By Rep. Justin Amash and Rep. John Conyers
Somewhere in a government data center sits information on every call you've made lately. You may be completely innocent. And yet, day-in and day-out, the government continues to collect information on your calls.
Vacuuming up details from the lives of ordinary Americans is not what Congress signed on to when it enacted the Foreign Intelligence Surveillance Act (FISA) in the 1970s, or when it amended the law through the USA PATRIOT Act a decade ago. Many rank-and-file congressmen were shocked to learn that the law has been stretched to authorize such blanket surveillance.
Americans deserve to be safe and free. Their elected representatives -- regardless of political party or ideology -- should work together to protect their privacy. That's why next week we will introduce a bipartisan, comprehensive response to NSA's overbroad surveillance activities, called the LIBERT-E Act.
The Patriot Act's Section 215, which was the basis of the leaked FISA court order authorizing bulk collection of telephone records, ostensibly limits the scope of the government's data collection. Section 215 currently requires the government to provide facts to show that the information sought relates to a foreign intelligence or terrorism investigation.
It's believable that some of Verizon's millions of customers come within the web of such an investigation. It's not possible, however, that the records of every Verizon customer -- and, reportedly, every customer of every major phone company in the country -- are "relevant" to an ongoing foreign intelligence or terrorism investigation.

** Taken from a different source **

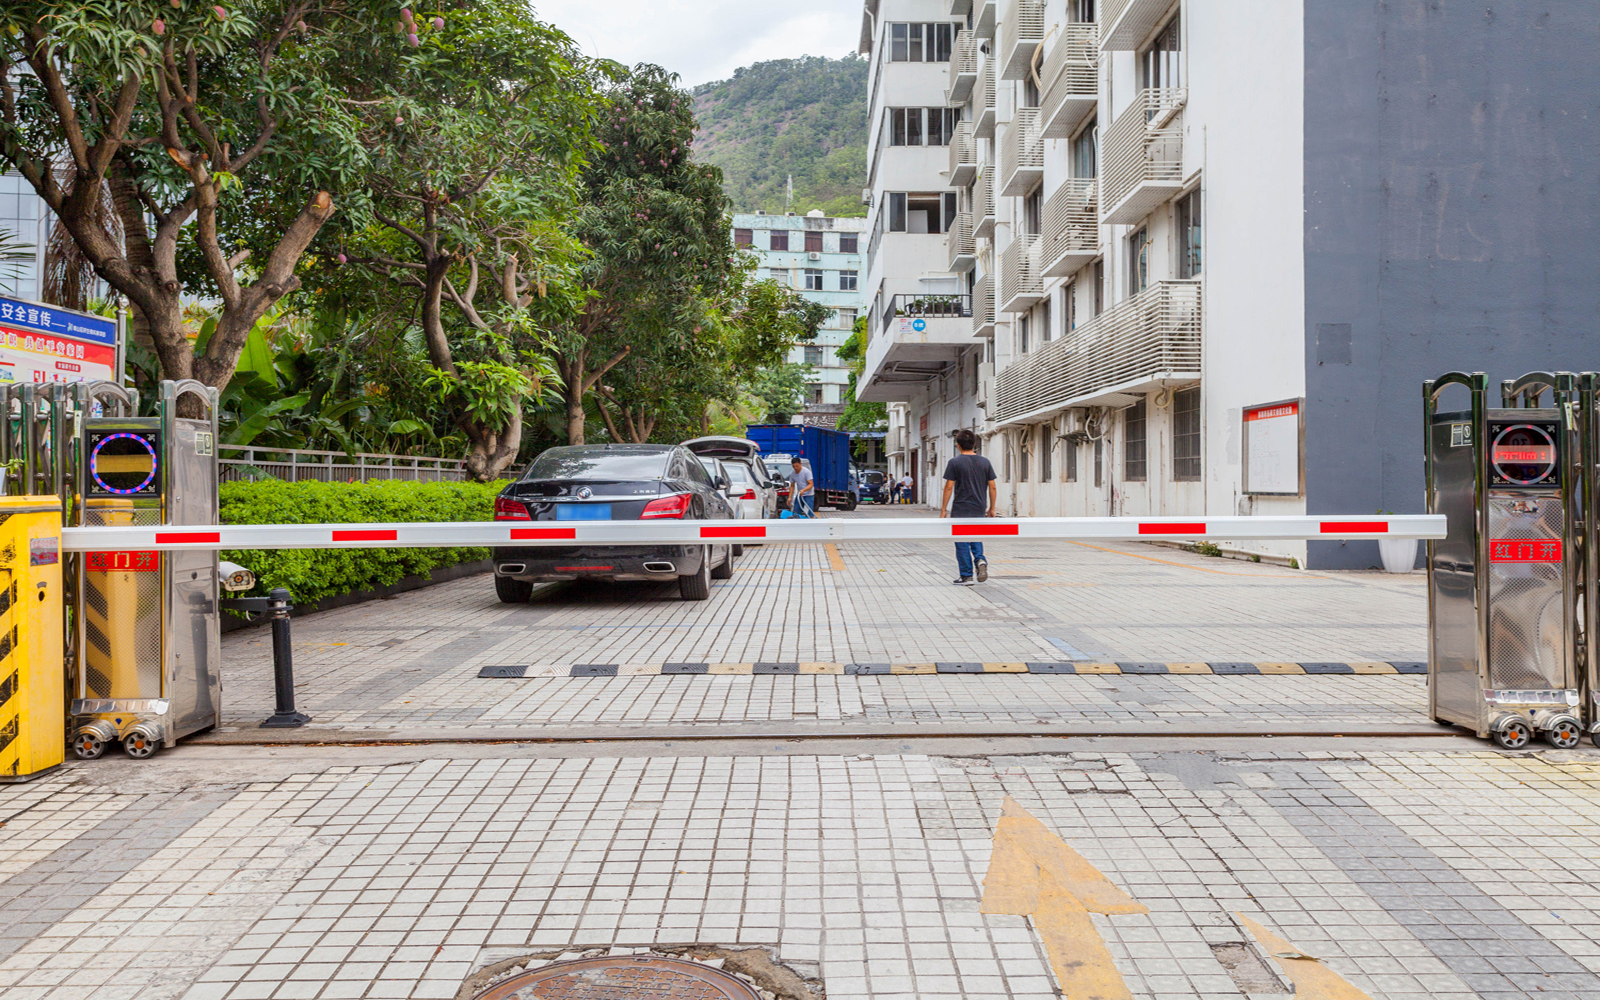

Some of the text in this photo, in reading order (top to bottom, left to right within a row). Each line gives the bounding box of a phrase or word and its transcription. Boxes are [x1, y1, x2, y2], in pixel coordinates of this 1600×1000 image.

The government has no business stockpiling so much of our data, and our bill seeks to solve two of the problems that became so apparent after last week's leak of the FISA court order and disclosure of the "PRISM" program.
First, rather than keeping a "relevance" standard that provides no meaningful limit on the mass collection of data, we propose that the government present at least "specific and articulable" facts that show that the desired information is "relevant and material" to an authorized investigation, and that the data pertain only to individuals under investigation. Federal courts created the "specific and articulable" standard decades ago to review certain police searches. It's the same standard federal investigators must meet to access other electronic communications. By creating a tighter link between the data and the person under investigation, we can help prevent the indiscriminate surveillance of innocent Americans.
Second, we require the federal government to release significant opinions of the FISA court, which to date has operated in complete secrecy from the American public. Congress and the American people must know how the law is being interpreted to have an informed debate about surveillance and personal liberty.
Americans and their representatives must debate the weighty issues surrounding liberty and security. These issues are just too important to be handled behind closed doors. That is why our legislation also gives every Member of Congress the same access to FISA court opinions that some congressional committees have. And we require that summaries of the opinions be available to the public (with classified portions withheld, as needed). To jumpstart this critical policy debate, we task relevant inspectors general with assessing the privacy impact that NSA's surveillance has had on Americans, and we demand disclosure of information on the agency's domestic surveillance.
With the public now more aware of its government's surveillance, we hope to renew Congress's focus on protecting civil liberties. The NSA's programs are reported to collect information on practically all Americans. Taking this opportunity to fix the system should be a project we all can support.
Rep. Justin Amash (R-MI) is the Chairman of the House Liberty Caucus. Rep. John Conyers (D-MI) is the Ranking Member on the House Judiciary Committee. Both voted against reauthorization of the Patriot Act and the FISA Amendments Act.